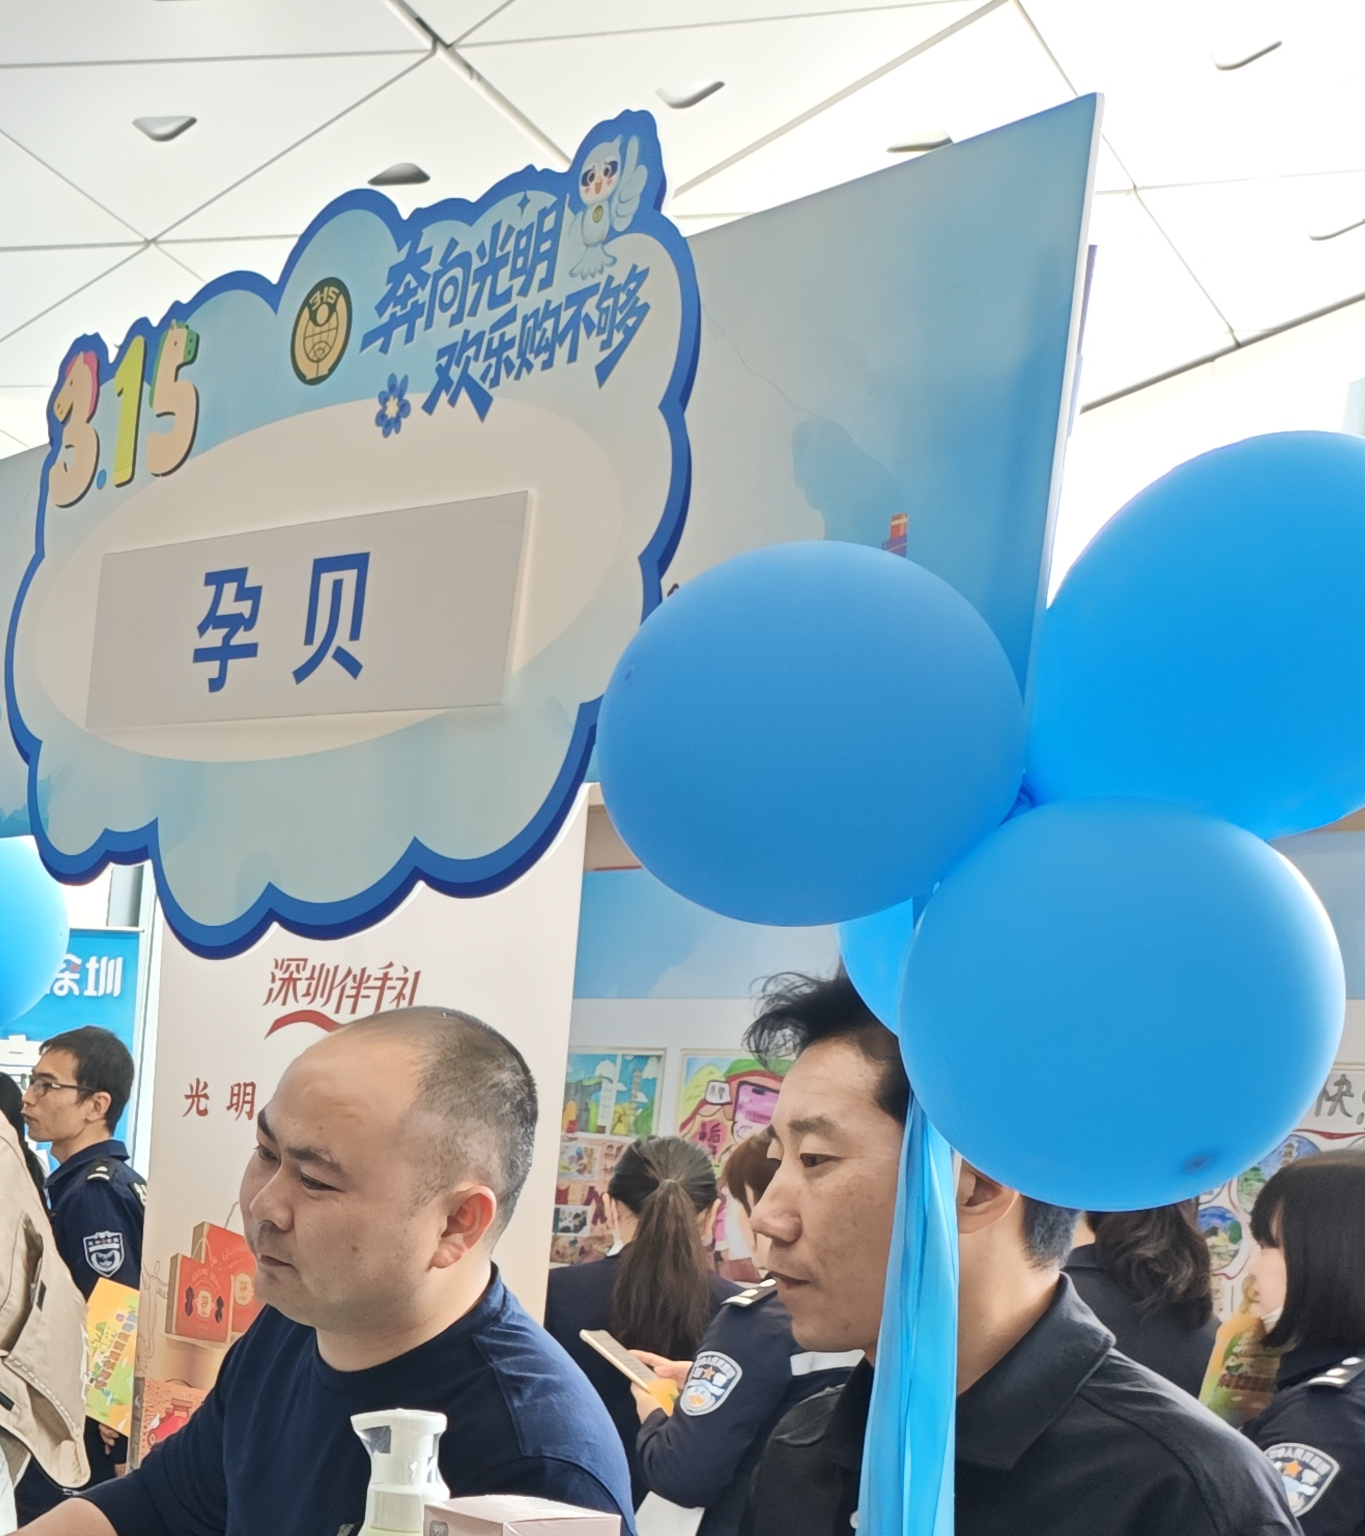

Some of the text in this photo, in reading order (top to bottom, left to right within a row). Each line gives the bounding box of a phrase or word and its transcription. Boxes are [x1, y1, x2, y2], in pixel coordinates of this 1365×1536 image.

[360, 204, 563, 355] 奔向光明
[423, 264, 650, 422] 欢乐购不够
[192, 551, 371, 693] 孕贝
[262, 957, 422, 1015] 深圳伴手礼
[182, 1077, 256, 1121] 光明

****************************************

Set down the data exactly as it appears, without any images.

*Reply*
Some of the text in this photo, in reading order (top to bottom, left to right within a row). Each line gives the bounding box of a phrase or word and its transcription. Boxes are [x1, y1, x2, y2], in pixel coordinates of this 1365×1536 image.

[360, 204, 563, 355] 奔向光明
[423, 264, 650, 422] 欢乐购不够
[192, 551, 371, 693] 孕贝
[262, 957, 422, 1015] 深圳伴手礼
[182, 1077, 256, 1121] 光明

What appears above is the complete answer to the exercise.